AWO SH begrüßt Einigung zu Kinderrechten im Grundgesetz

Teilhabe von Kindern und Jugendlichen darf nicht nur Lippenbekenntnis bleiben – Kinderrechte müssen in der Gesellschaft immer mitgedacht werden

Mitbestimmung von Kindern und Jugendlichen ist ein Kernthema der AWO, wie hier in einer Demokratie-Kita.

Kiel. Seit Jahren wurde es unter anderem von der AWO gefordert, nun ist es offenbar so weit: Laut Medienberichten haben sich die Union und die SPD auf einen Entwurf für die Aufnahme von Kinderrechten ins Grundgesetz geeinigt. Noch ist die Verfassungsänderung nicht durch den Bundestag und Bundesrat bestätigt. Bis zur Bundestagswahl im September solle das aber geschehen.

Die AWO Schleswig-Holstein begrüßt diesen Vorstoß und die Verankerung der Kinderrechte im Grundgesetz. „Wie jetzt im zweiten Lockdown wurden im vergangenen Jahr viele, teils drastische Entscheidungen über das Leben von Kindern und Jugendliche gefällt, ohne dass sie daran beteiligt gewesen wären. Kinder und Jugendliche sind unsere Zukunft. Ihre Teilhabe muss gesichert werden, damit wir starke und mündige Kinder und Jugendliche in unserer Gesellschaft haben. Wir begrüßen daher die Verankerung der Kinderrechte im Grundgesetz, bestehen aber auch darauf, dass es damit nicht getan ist. Die Rechte von Kindern und Jugendliche und ihre Teilhabe dürfen nicht nur ein Lippenbekenntnis bleiben. Es müssen Taten folgen“, sagt der AWO Landesvorsitzende Wolfgang Baasch. Das Wahlrecht ab 16, die Förderung kommunaler Kinder- und Jugendparlamente oder Mitbestimmungsangebote an den Schulen wären konkrete Möglichkeiten.
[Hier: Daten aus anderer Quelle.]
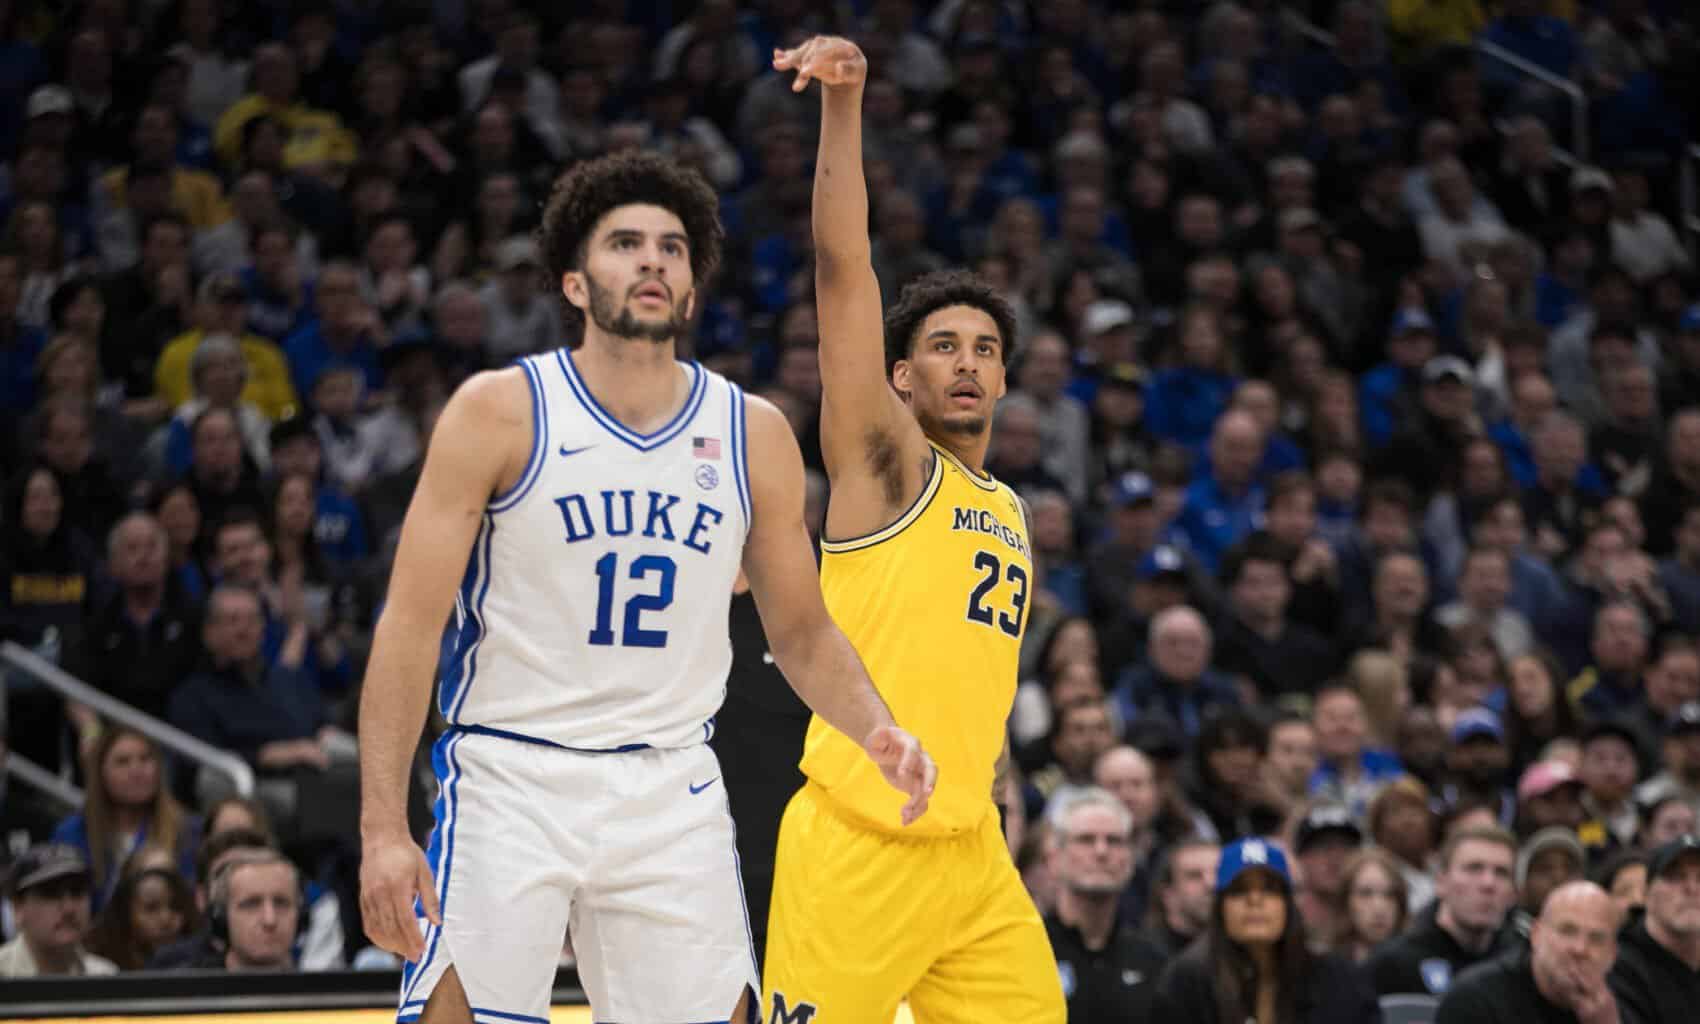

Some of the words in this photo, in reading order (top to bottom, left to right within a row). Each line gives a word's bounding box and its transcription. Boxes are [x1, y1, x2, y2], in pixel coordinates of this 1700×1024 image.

In 65 Einrichtungen der Jugend- und Familienhilfe sowie in rund 100 Kindertagesstätten setzen sich die Kolleg*innen der AWO Schleswig-Holstein jeden Tag wieder für mehr Teilhabe von Kindern und Jugendlichen ein. „Mit Demokratie-Kitas und Teilhabeprojekten in der Jugend- und Familienhilfe haben wir es uns schon vor Jahren zur Aufgabe gemacht, die Rechte und Mitbestimmung für Kinder und Jugendliche in unseren Einrichtungen zu stärken. Die gesetzliche Verankerung der Kinderrechte im Grundgesetz ist ein längst fälliger Schritt und bestärkt uns in unserem Weg. Sie macht aber auch deutlich, dass es nicht nur bei der schriftlichen Zusage bleiben darf. Kinderrechte müssen in unserer Gesellschaft immer mitgedacht werden“, schließt der AWO Vorstandsvorsitzende Michael Selck ab.